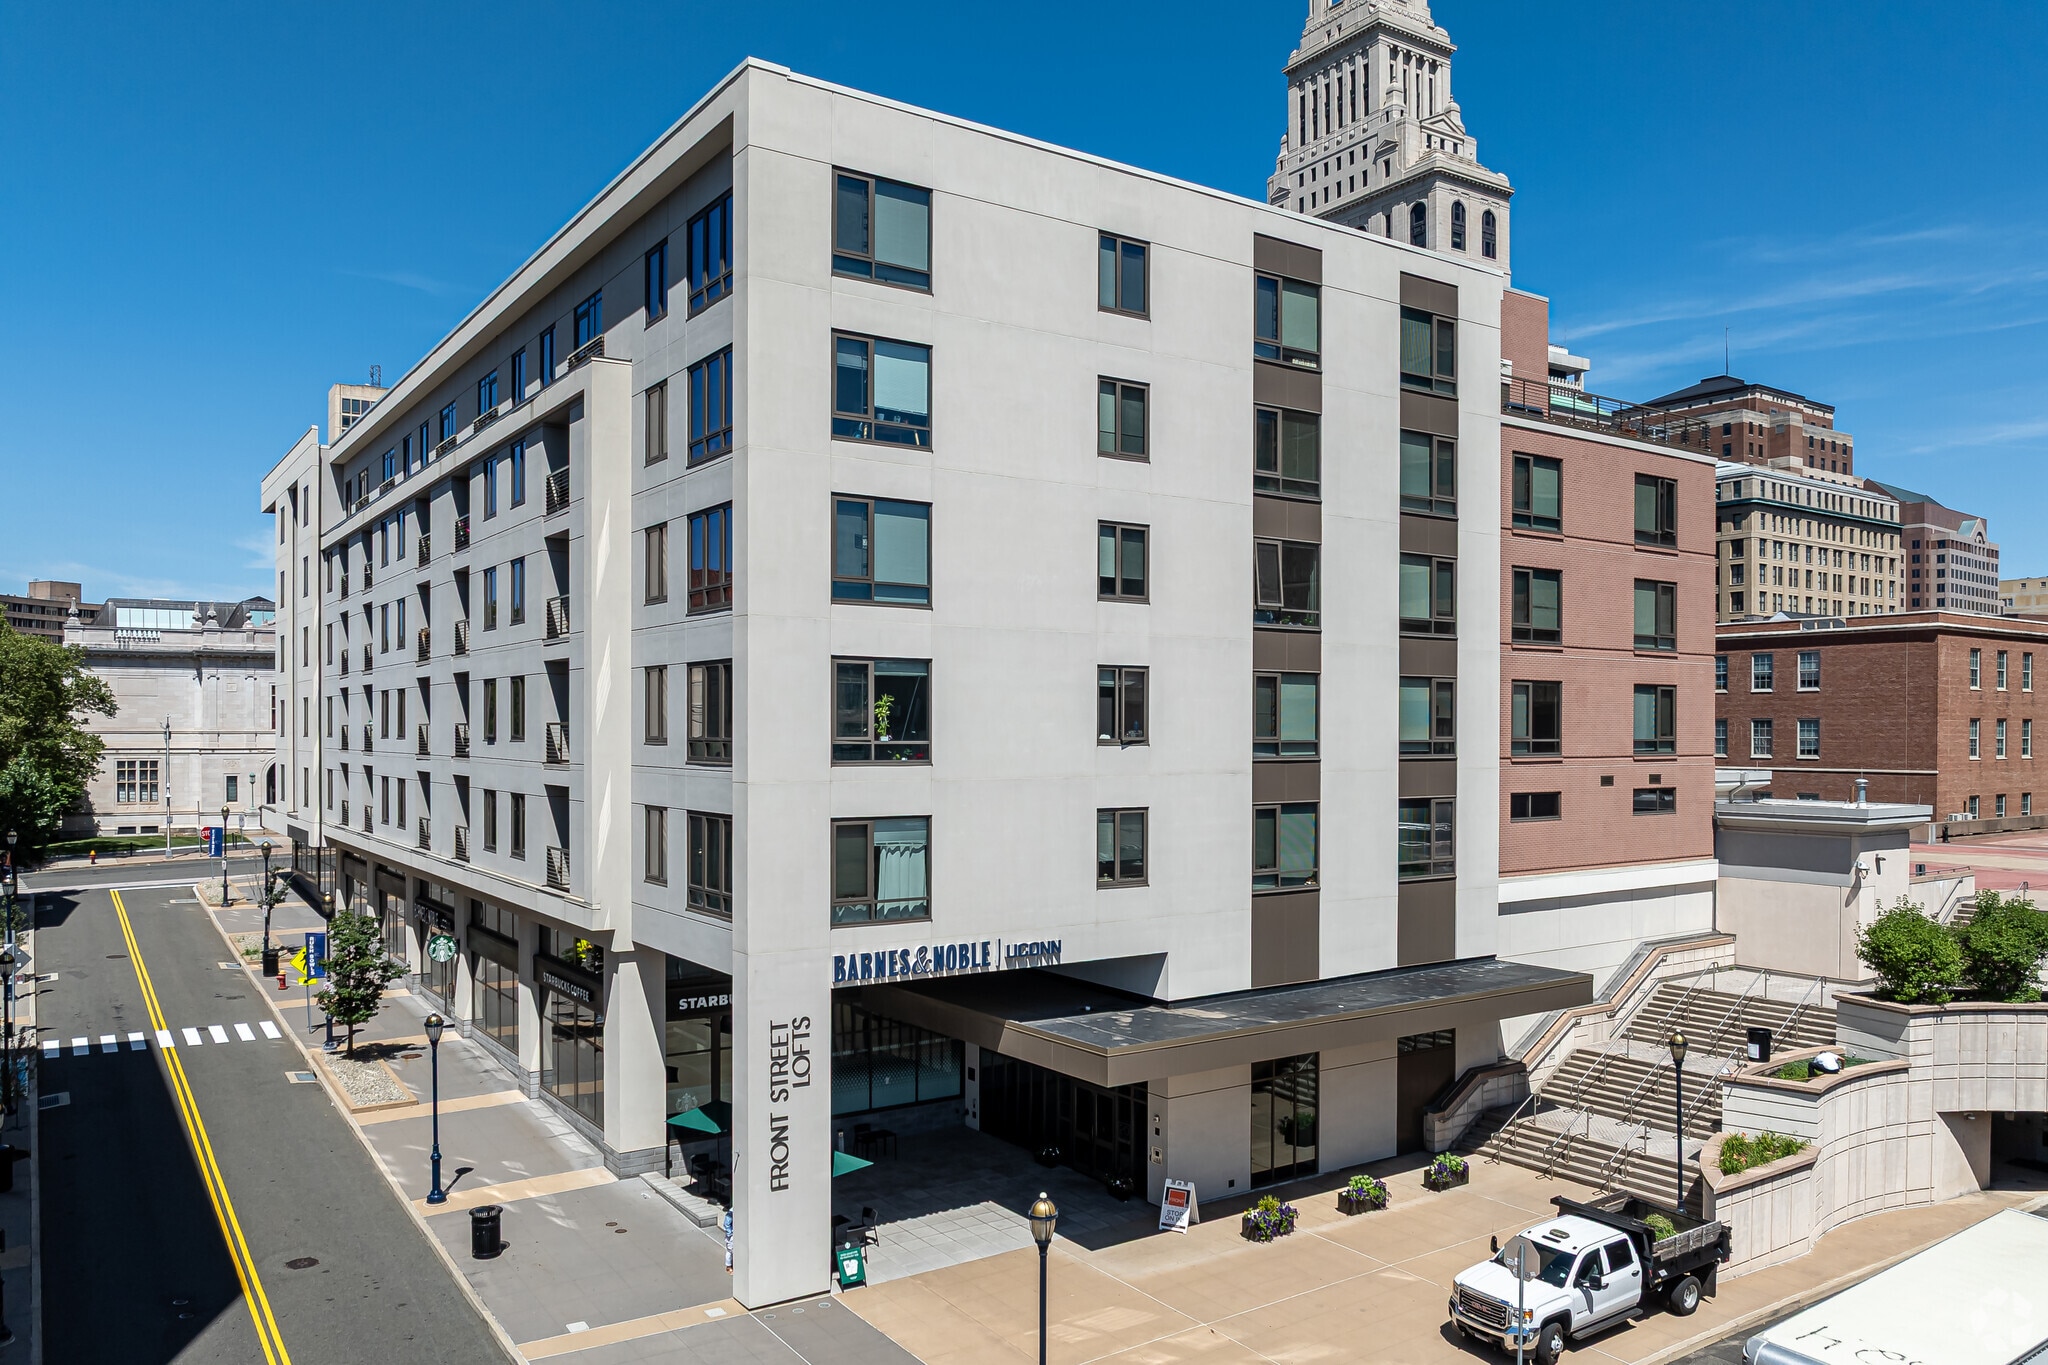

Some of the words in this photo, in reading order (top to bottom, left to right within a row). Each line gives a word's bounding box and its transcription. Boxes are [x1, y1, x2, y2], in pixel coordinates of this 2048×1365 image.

[1006, 939, 1062, 959] UCONN
[542, 971, 571, 994] STARBUCKS
[570, 982, 590, 1003] COFFEE
[769, 1020, 790, 1103] STREET
[791, 1016, 811, 1089] LOFTS
[769, 1112, 790, 1192] FRONT
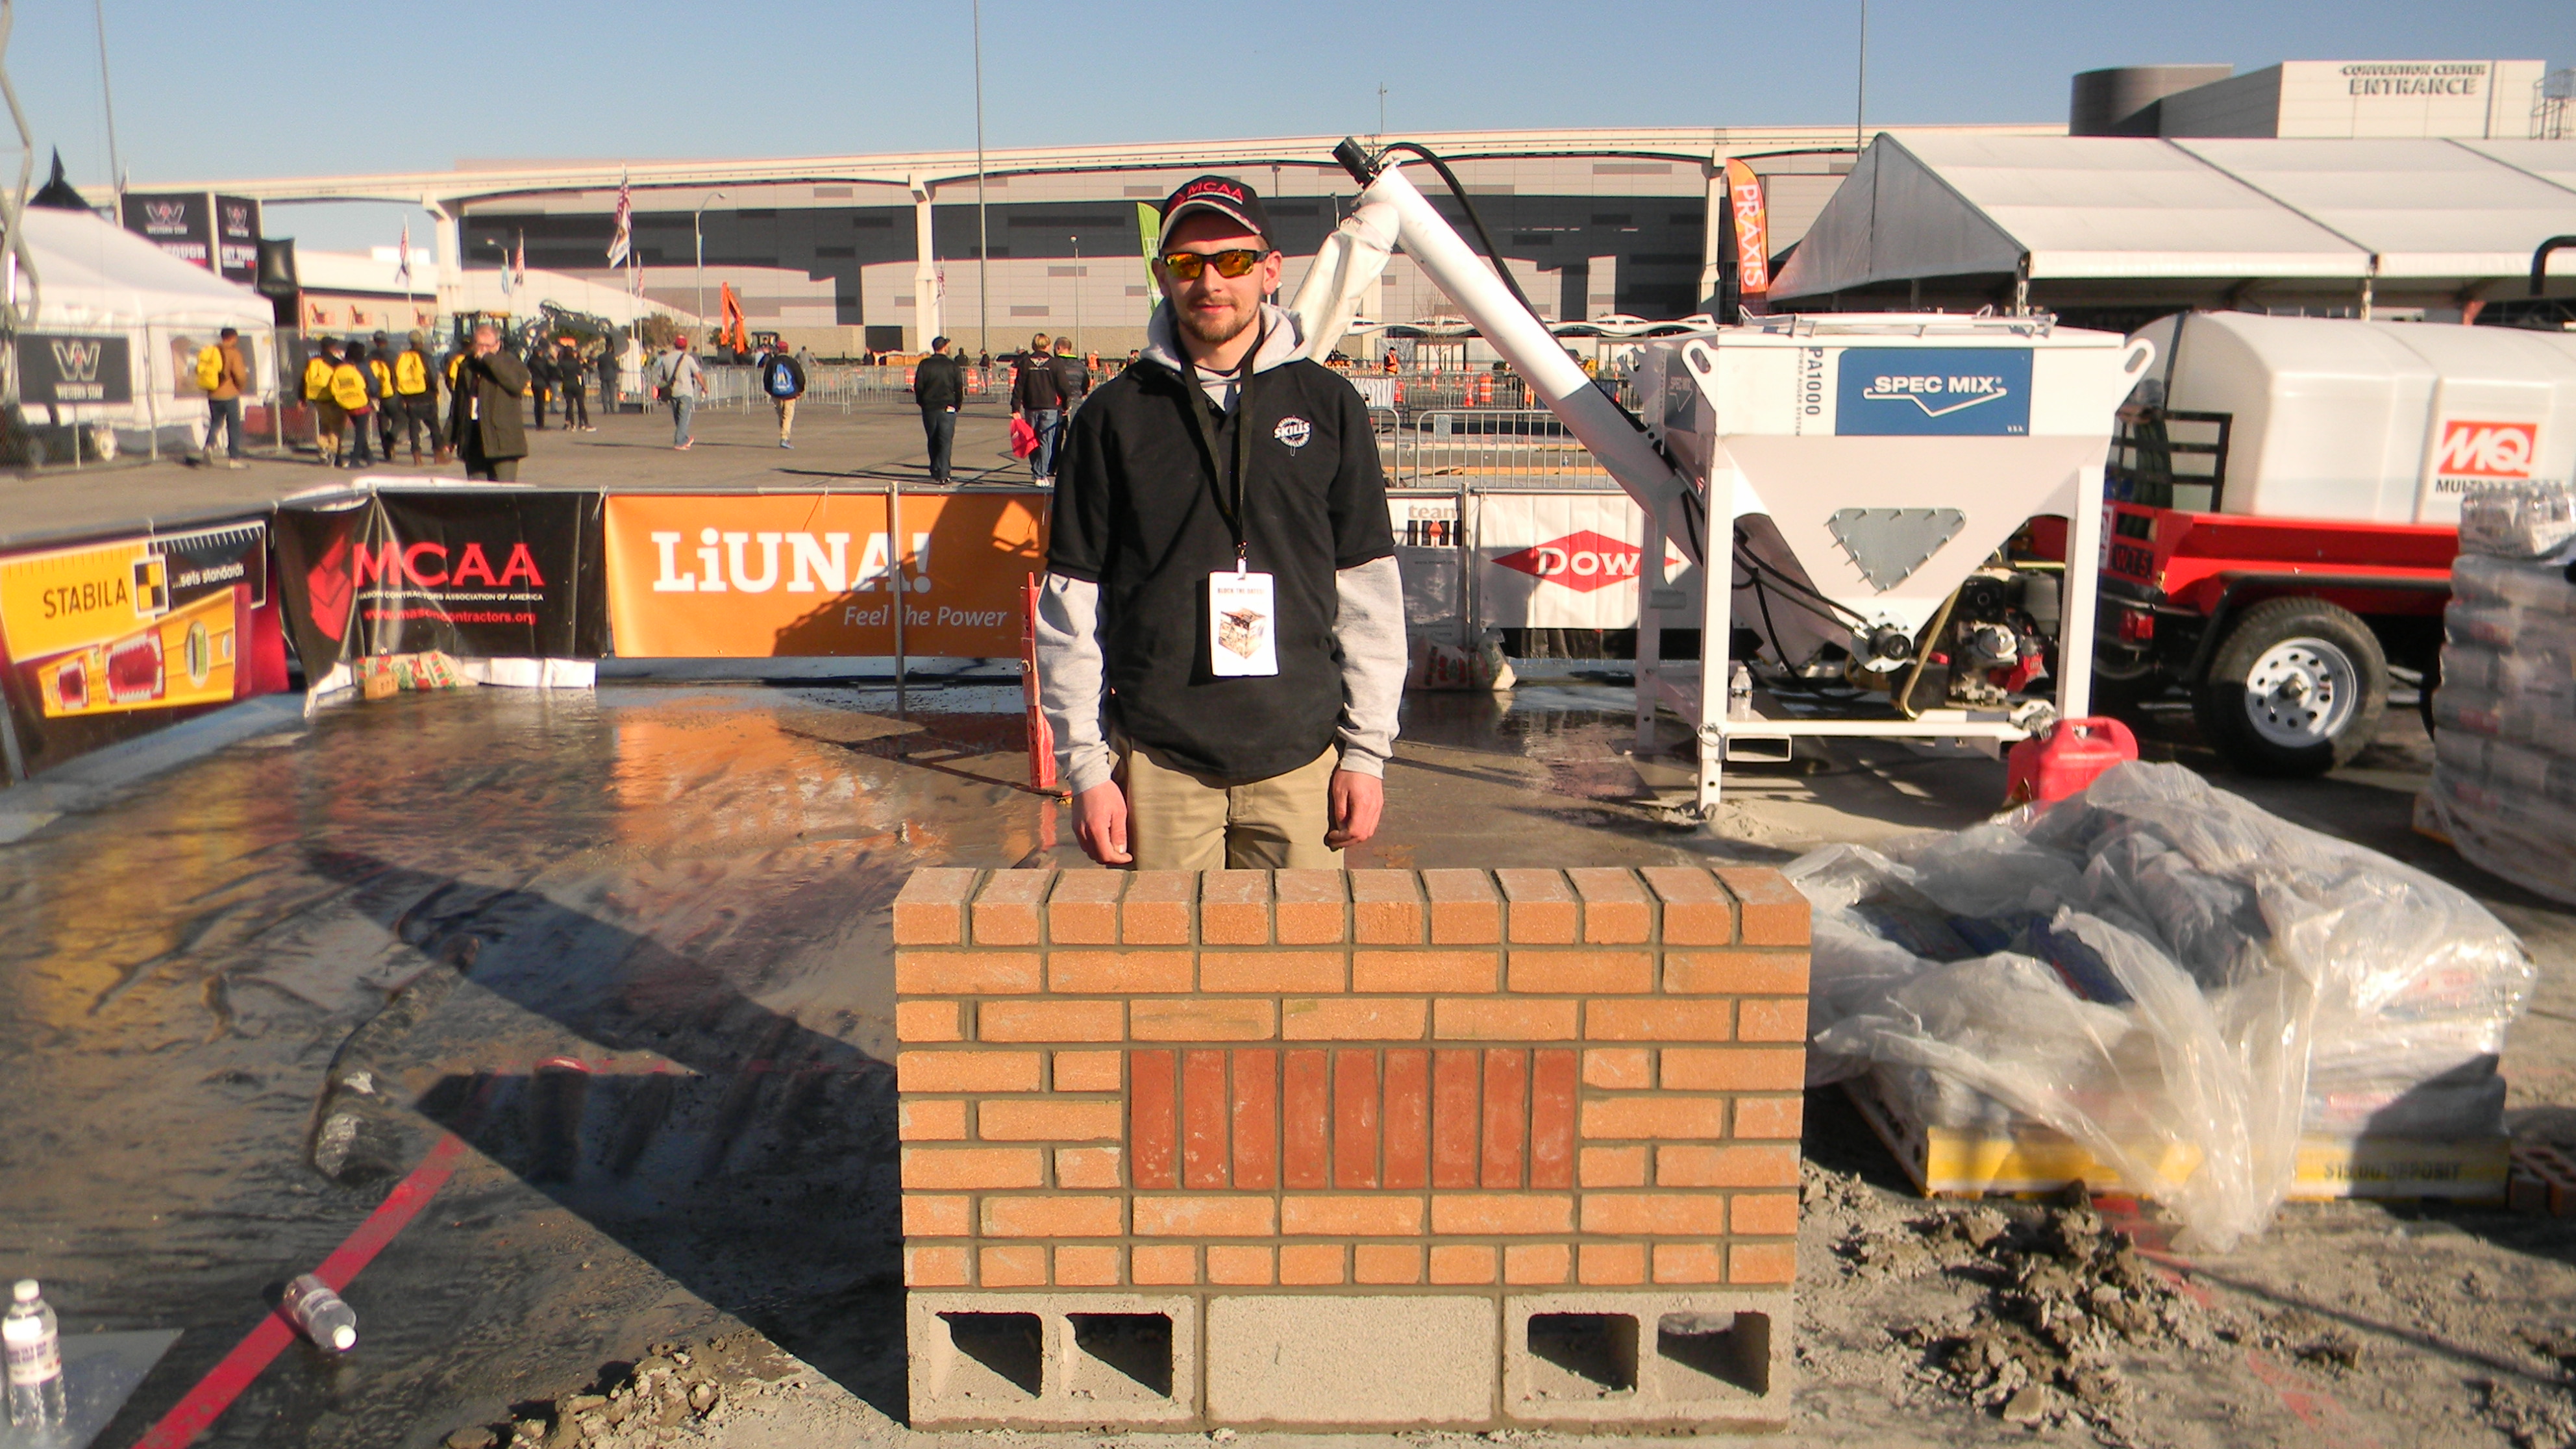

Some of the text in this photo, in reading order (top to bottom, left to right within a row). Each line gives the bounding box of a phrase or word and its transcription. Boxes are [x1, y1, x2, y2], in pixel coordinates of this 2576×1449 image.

[2340, 64, 2486, 75] CONVENTION CENTER
[2349, 77, 2477, 95] ENTRANCE
[1188, 182, 1243, 202] MCAA
[1735, 184, 1765, 288] PRAXIS
[1805, 347, 1823, 415] PA1000
[1874, 376, 1994, 393] SPEC MIX
[56, 384, 104, 400] WESTERN STAR
[1274, 422, 1311, 439] SKILLS
[2439, 426, 2533, 473] MQ
[353, 542, 545, 587] MCAA
[651, 527, 931, 593] LiUNA!
[203, 563, 245, 584] standards
[43, 578, 128, 619] STABILA
[384, 590, 444, 601] CONTRACTORS
[844, 604, 1008, 627] Feel he Power
======
Exercise directions> Restate every line above exactly, omitting images.

Solution to the problem>
Some of the words in this photo, in reading order (top to bottom, left to right within a row). Each line gives a word's bounding box and its transcription. Boxes are [x1, y1, x2, y2], in pixel coordinates of this 2048×1365 image.

[1006, 939, 1062, 959] UCONN
[542, 971, 571, 994] STARBUCKS
[570, 982, 590, 1003] COFFEE
[769, 1020, 790, 1103] STREET
[791, 1016, 811, 1089] LOFTS
[769, 1112, 790, 1192] FRONT

Some of the text in this photo, in reading order (top to bottom, left to right within a row). Each line gives the bounding box of a phrase or word and its transcription. Boxes are [x1, y1, x2, y2], in pixel coordinates of this 2576×1449 image.

[2340, 64, 2486, 75] CONVENTION CENTER
[2349, 77, 2477, 95] ENTRANCE
[1188, 182, 1243, 202] MCAA
[1735, 184, 1765, 288] PRAXIS
[1805, 347, 1823, 415] PA1000
[1874, 376, 1994, 393] SPEC MIX
[56, 384, 104, 400] WESTERN STAR
[1274, 422, 1311, 439] SKILLS
[2439, 426, 2533, 473] MQ
[353, 542, 545, 587] MCAA
[651, 527, 931, 593] LiUNA!
[203, 563, 245, 584] standards
[43, 578, 128, 619] STABILA
[384, 590, 444, 601] CONTRACTORS
[844, 604, 1008, 627] Feel he Power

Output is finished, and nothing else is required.